(Data provided):
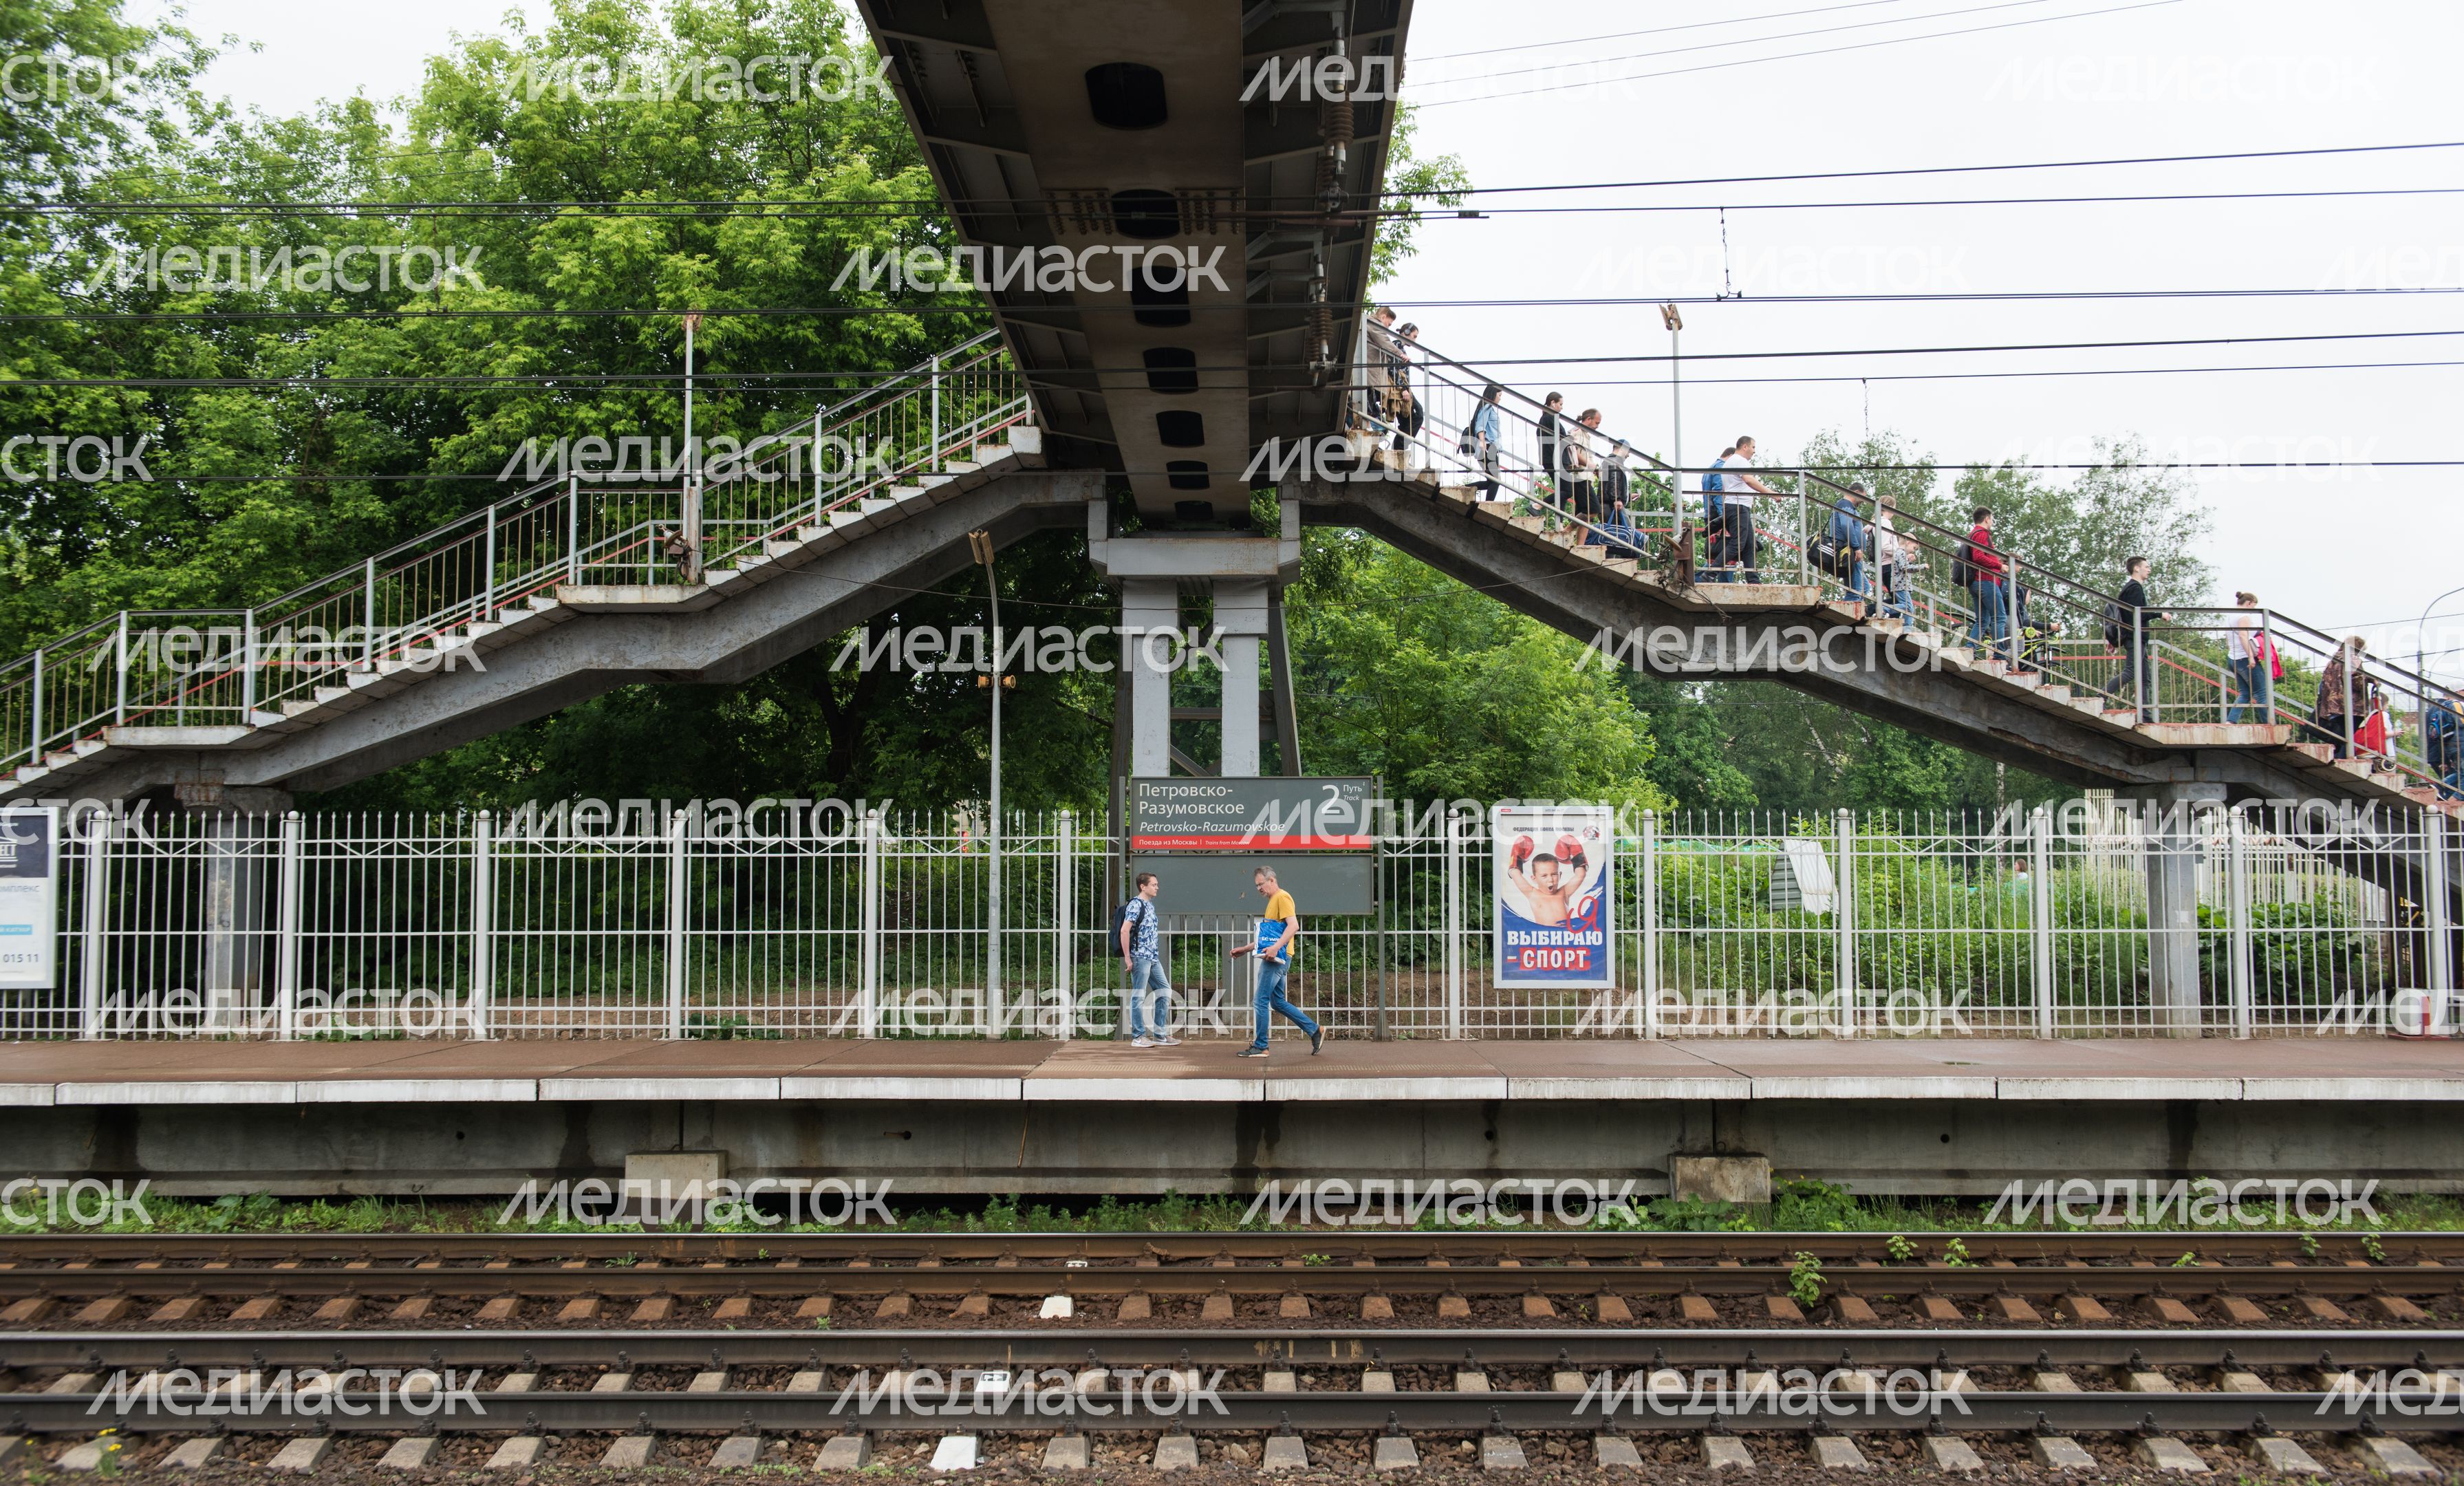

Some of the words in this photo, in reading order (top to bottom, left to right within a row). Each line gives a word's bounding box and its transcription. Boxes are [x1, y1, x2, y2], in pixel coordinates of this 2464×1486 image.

[1139, 784, 1233, 800] Петровско-
[1343, 784, 1363, 793] Путь
[1321, 784, 1340, 814] 2
[1139, 801, 1245, 818] Разумовское
[1139, 821, 1285, 832] Petrovsko-Razumovskoe
[1507, 930, 1603, 946] ВЫБИРАЮ
[3, 954, 23, 963] 015
[27, 954, 39, 963] 11
[1522, 949, 1586, 968] СПОРТ

(Problem statement): With the pictures omitted, give every line above again exactly.

(Solved problem):
Some of the words in this photo, in reading order (top to bottom, left to right within a row). Each line gives a word's bounding box and its transcription. Boxes are [x1, y1, x2, y2], in pixel coordinates of this 2464×1486 image.

[1139, 784, 1233, 800] Петровско-
[1343, 784, 1363, 793] Путь
[1321, 784, 1340, 814] 2
[1139, 801, 1245, 818] Разумовское
[1139, 821, 1285, 832] Petrovsko-Razumovskoe
[1507, 930, 1603, 946] ВЫБИРАЮ
[3, 954, 23, 963] 015
[27, 954, 39, 963] 11
[1522, 949, 1586, 968] СПОРТ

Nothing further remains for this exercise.